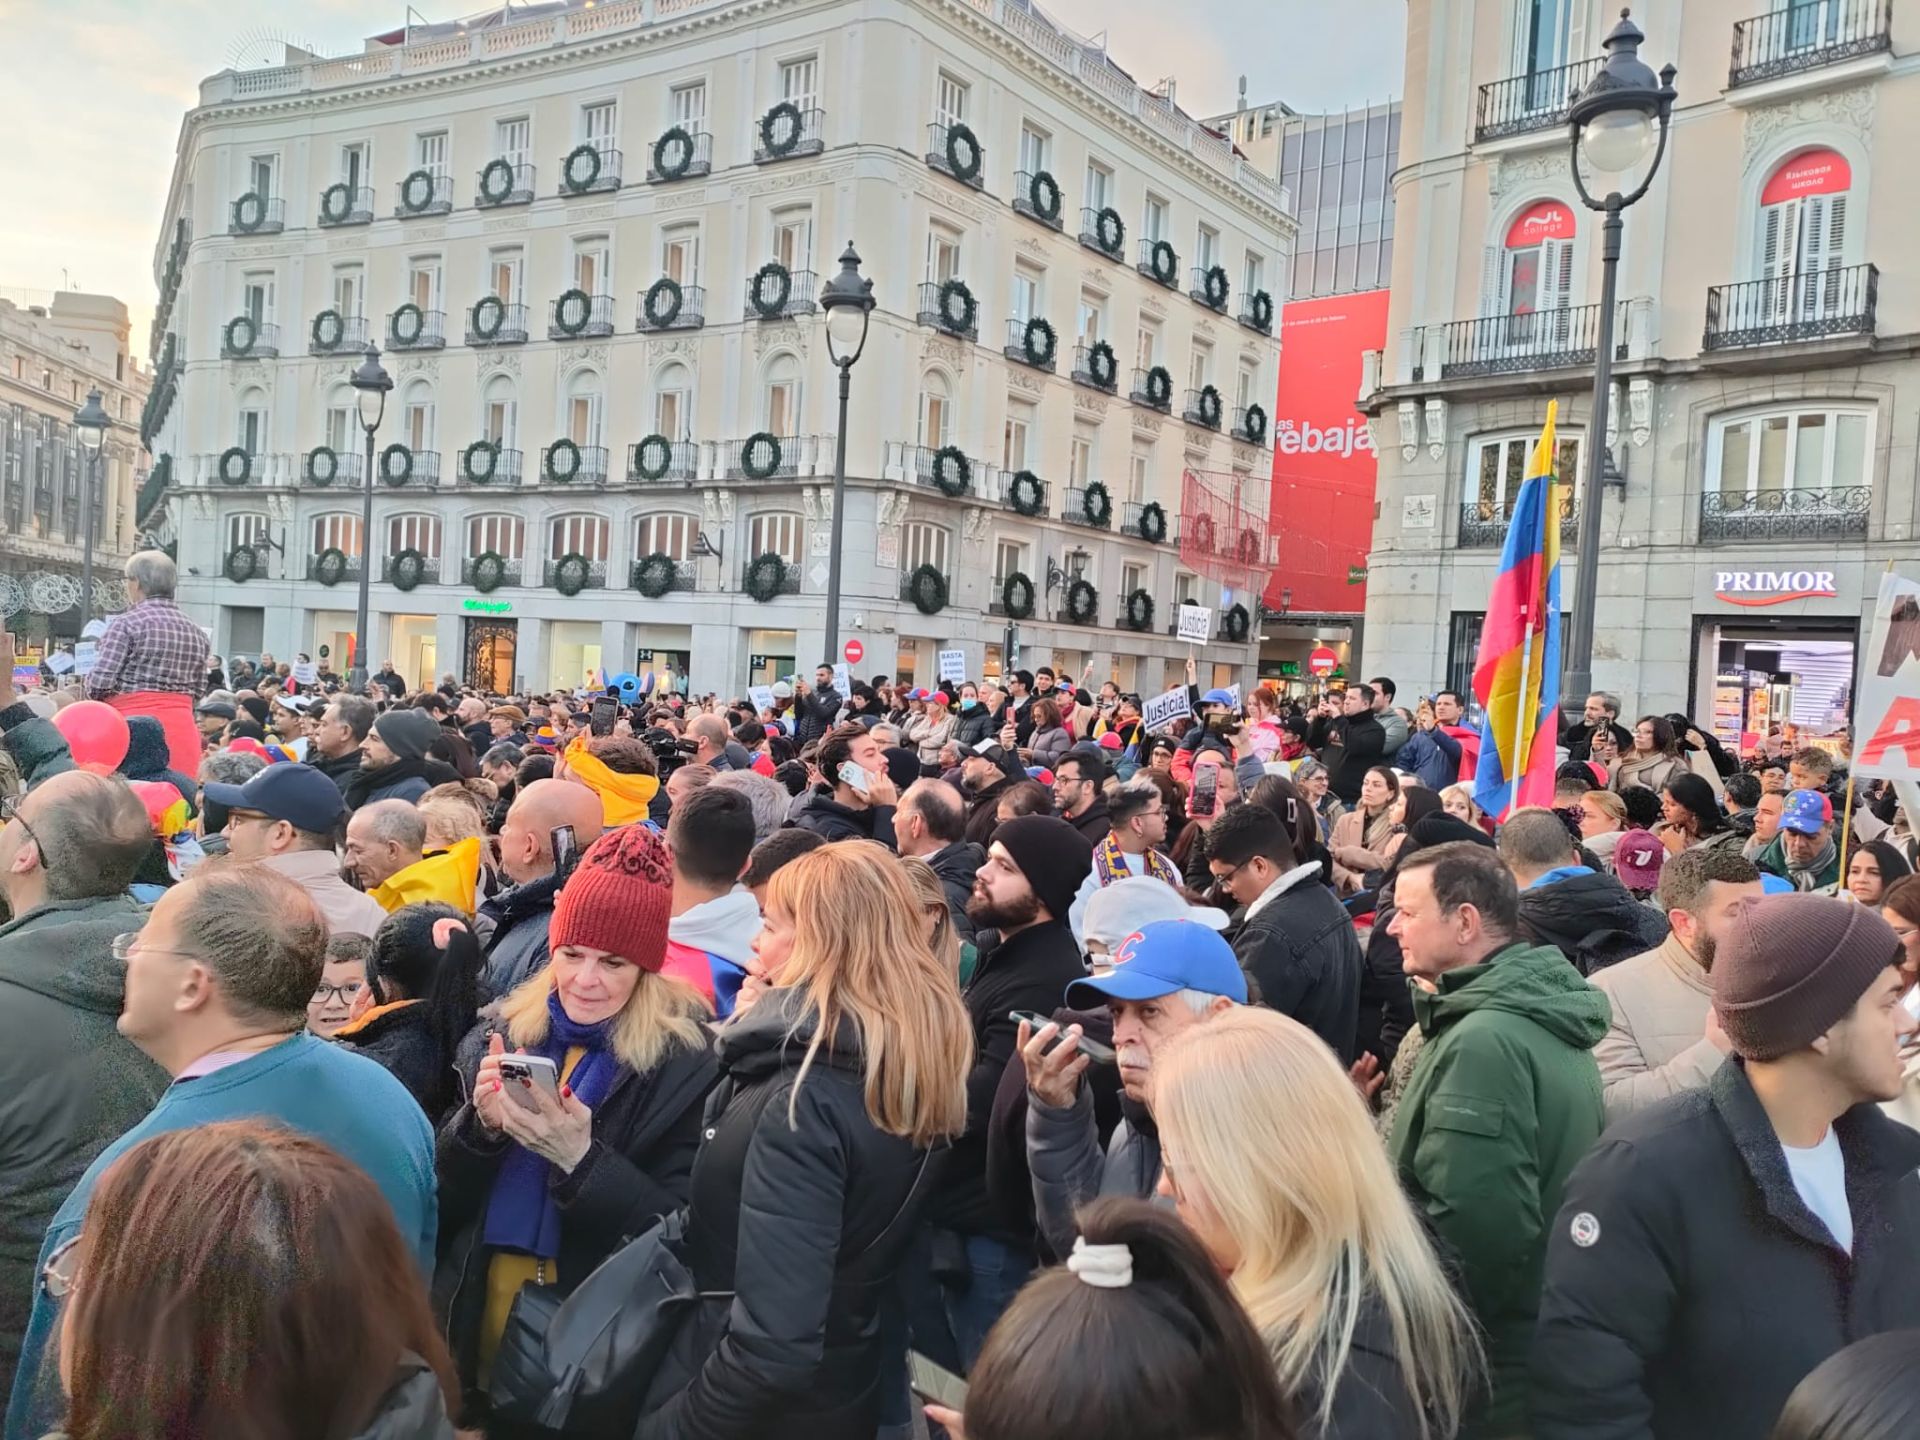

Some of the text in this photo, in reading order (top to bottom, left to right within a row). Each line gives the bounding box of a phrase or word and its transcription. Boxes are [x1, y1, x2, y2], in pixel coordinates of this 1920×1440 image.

[1715, 571, 1837, 592] PRIMOR
[941, 652, 963, 660] BASTA
[1145, 688, 1189, 725] Justicia!
[1114, 931, 1146, 966] C
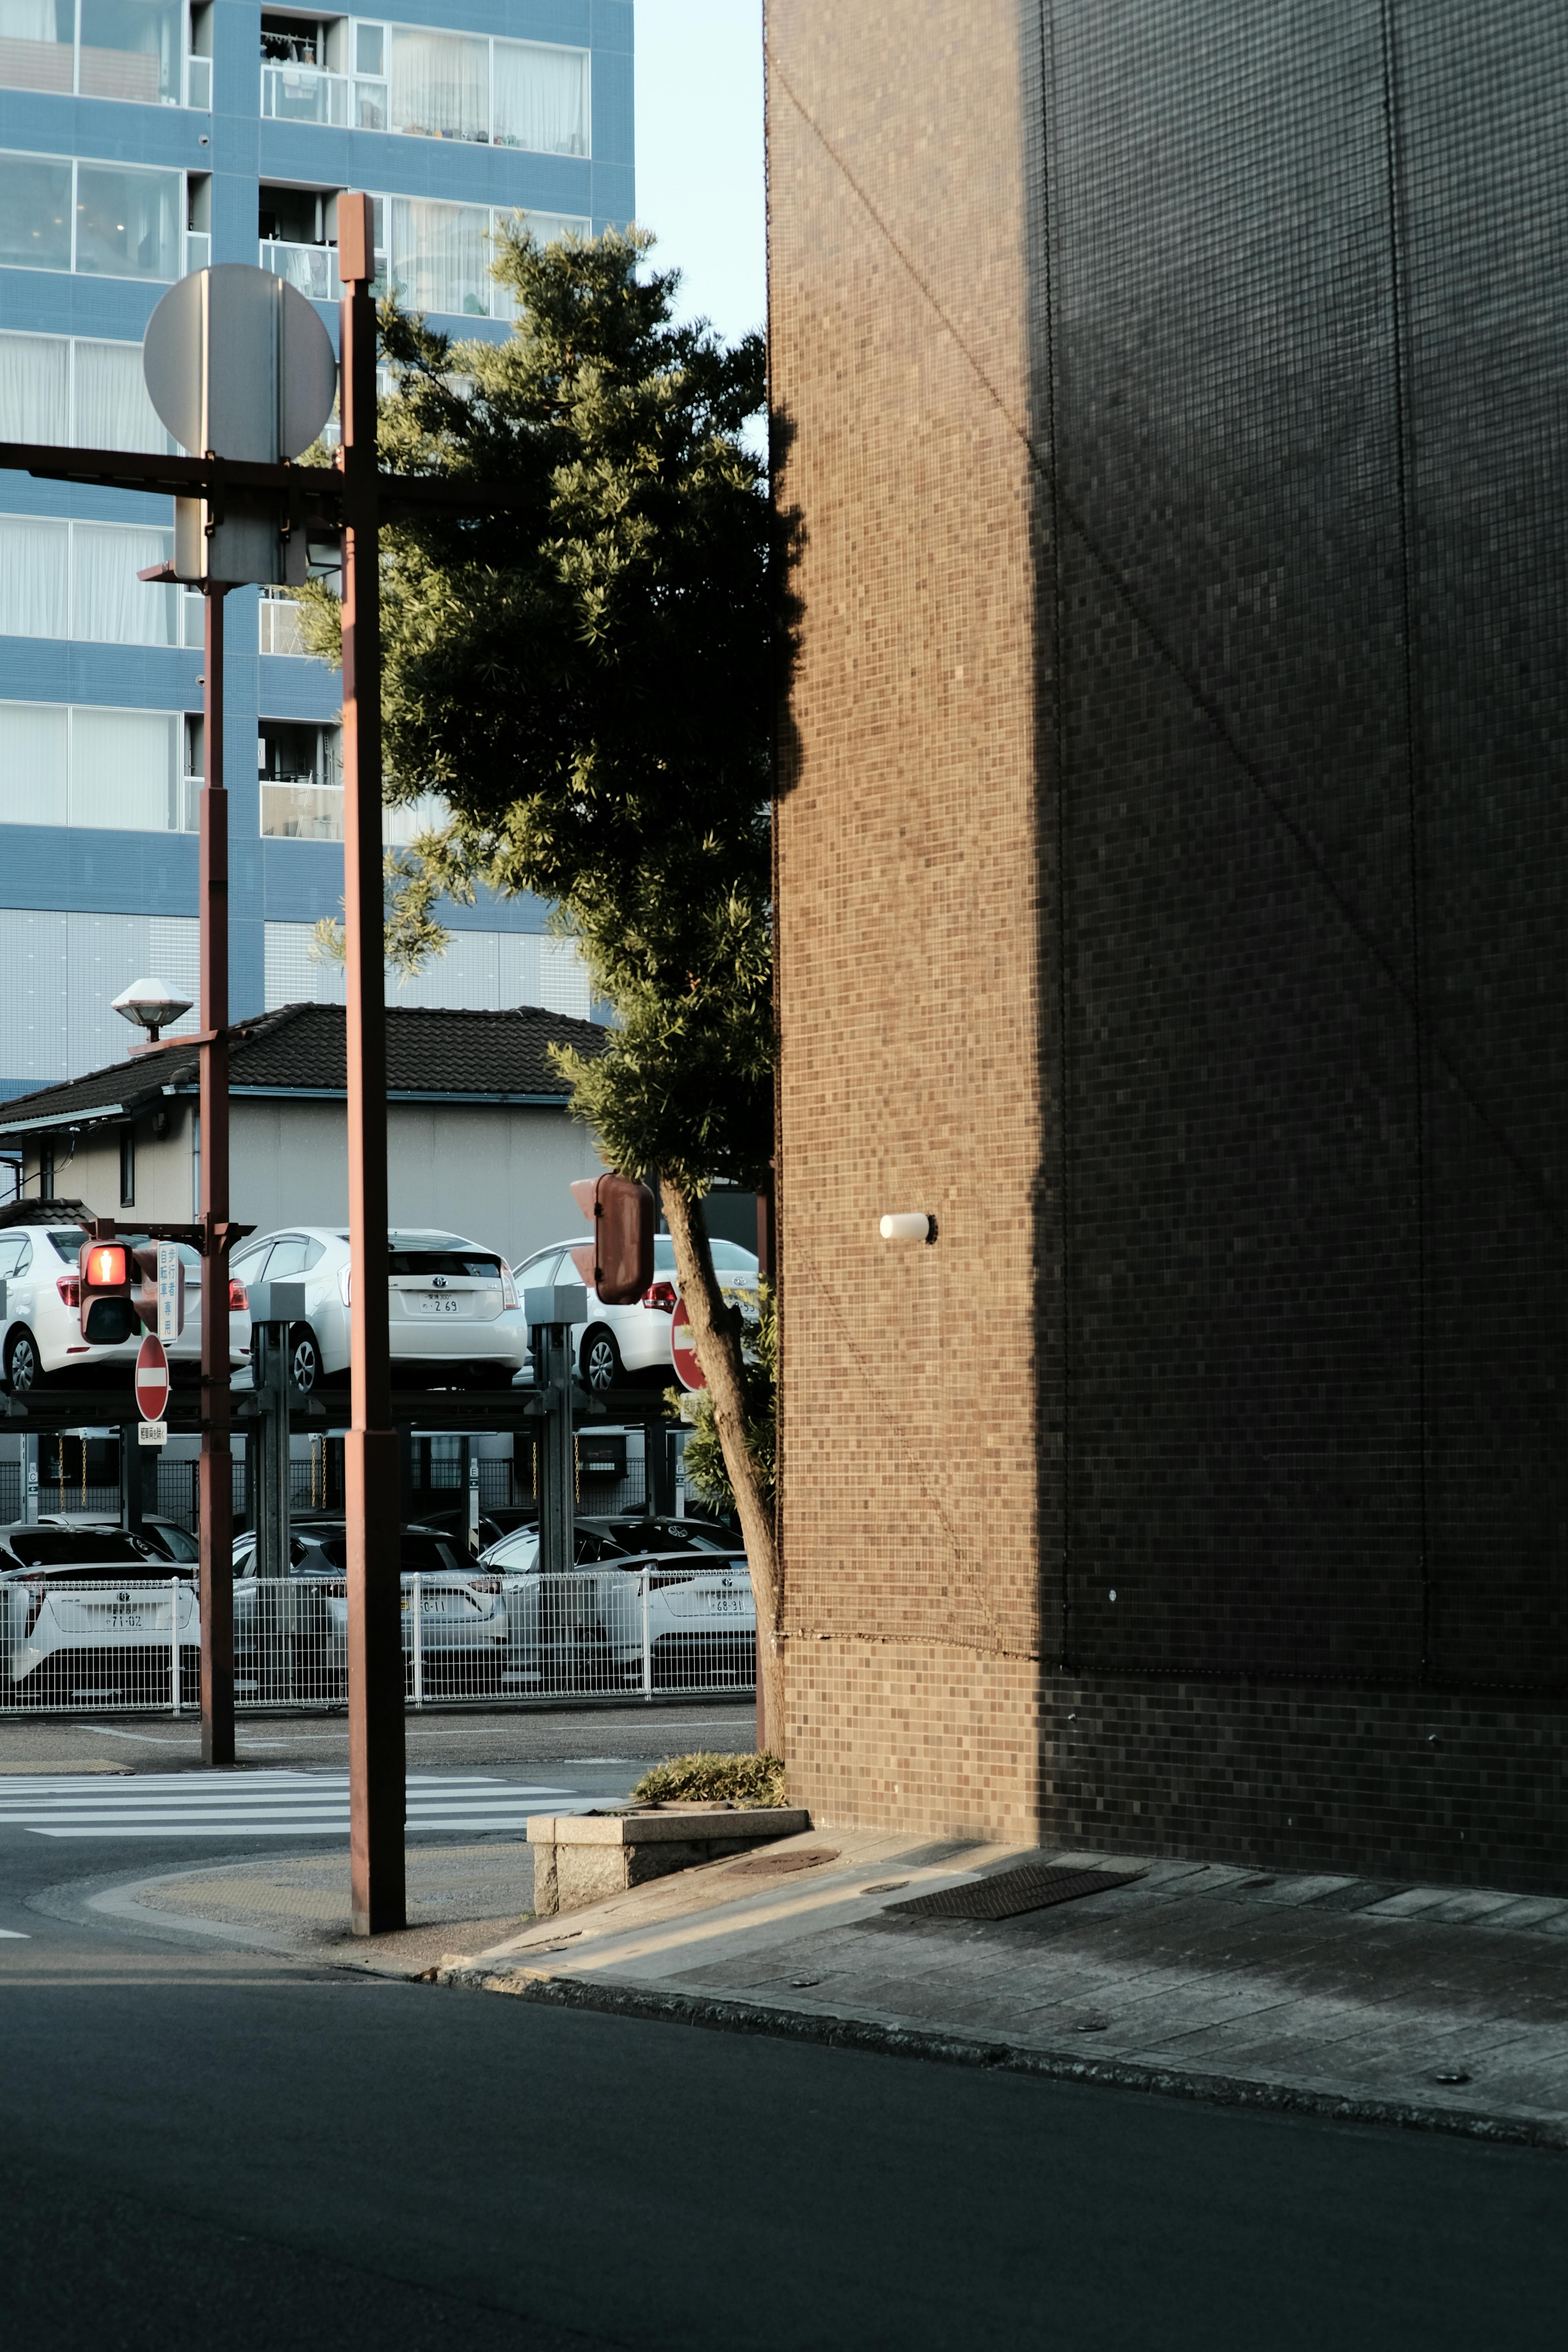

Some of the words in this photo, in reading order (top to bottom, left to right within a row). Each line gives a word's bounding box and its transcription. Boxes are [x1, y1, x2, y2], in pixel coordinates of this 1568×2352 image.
--- --- ---
**Task**
Keep the pictures out of the copy and write out the data exactly as it stands.

**Output for this exercise**
Some of the text in this photo, in reading order (top to bottom, left to right within a row). Each line gives the bounding box of a phrase or word and its transcription. Boxes are [x1, y1, x2, y2], in pixel coordinates of this 1920×1440 image.

[1715, 571, 1837, 592] PRIMOR
[941, 652, 963, 660] BASTA
[1145, 688, 1189, 725] Justicia!
[1114, 931, 1146, 966] C

Some of the words in this photo, in reading order (top to bottom, left to right within a row). Each line gives a word's bounding box and its transcription. Boxes are [x1, y1, x2, y2], in pixel coordinates of this 1568×2352 image.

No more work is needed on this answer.